We need to look at the case of Sudbury's PET/CT and understand the implications. There isn't enough money in Ontario to provide "free" PET/CT for Sudbury, and in fact, funds for this life-saving technology are limited province-wide. Thus, the fine people of Sudbury will have to fund the purchase themselves. That they are willing to do so to help their fellow citizens is the heart
warming part of this story. The heart
breaking aspect is that they
have to do so. I see this as a huge crack in the perfect facade of Canada's single payer system. It FAILED the people of Sudbury. And it fails the people of Ontario, and indeed all of Canada by limiting resources and thus rationing their care.
In response to my East Huron Radiothon post of 2007, a (probably former) reader commented:
As a personal friend, and former patient of Dr. (mentioned in article), I need to comment!
Our healthcare is NOT free, but our taxes allow us wonderful healthcare, and an above-average level of access to all kinds of medical tests etc. What we need, we get. It's easy to stand in the U.S. and throw stones, but around here (Southern Ontario) we decide how many kids to have by deciding how many kids we WANT to have, rather than by how many our insurance (or lack thereof) will pay for! We take our kids to the doctor when they NEED to go, not when we have enough money to pay a co-pay!
My son was special-needs...yes, born at Seaforth Hospital. He received first-rate care, with swift and appropriate transport to Children's Hospital. On day 3, I heard a PCCU nurse say of my son "Well, there's a million dollar boy!", meaning his cost of care had already topped the million dollar mark. Had my husband and I NOT lived in Canada, our grandchildren would still be paying off the cost of that hospital stay...let alone the other numerous hospital stays our son had through his life.
We don't have a problem donating for good causes...we're neighbours. That's what good neighbours, and good citizens do.
It's hard to argue with this statement, but read it again. Maybe twice more. "What we need, we get." Sounds a little bit too close to "From Each According to Their Abilities, to Each According to Their Needs". But then maybe I'm biased.

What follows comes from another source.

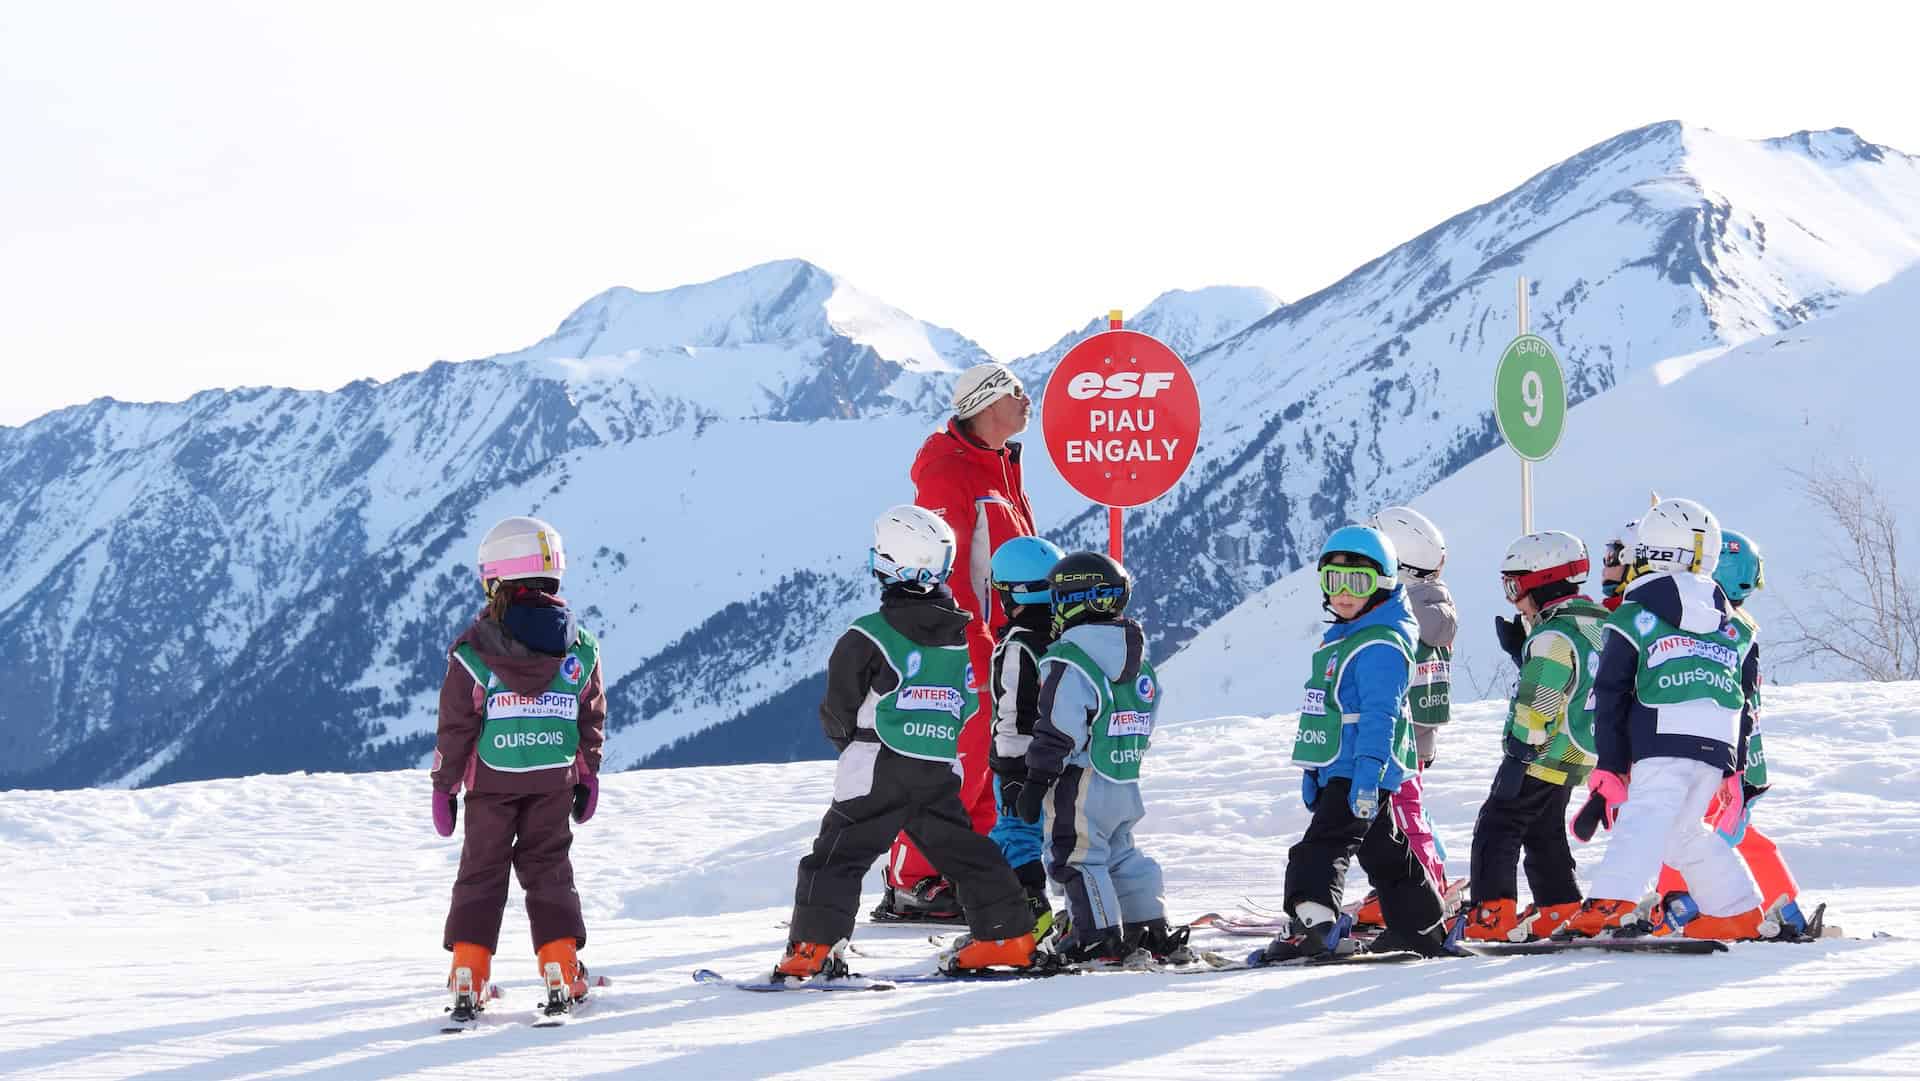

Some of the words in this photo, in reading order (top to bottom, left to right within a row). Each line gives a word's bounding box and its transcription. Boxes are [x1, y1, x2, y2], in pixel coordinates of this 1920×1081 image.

The profit motive has brought an overabundance of expensive CT, MRI, and PET/CT scanners to the United States, with the inherent likelihood of over utilization. Contrast this to the neighbourly situation in Ontario which requires the citizens themselves to raise money for life-saving technology that the government, even using the generously given tax-dollars (CAD) cannot provide. Better to over-utilize, or better that ". . .(p)eople in Ontario are more likely to die simply because they will not have access to what has simply been the standard of care on following up with cancer patients for more than a decade..."? You tell me.
"Free stuff" can have a very high price-tag.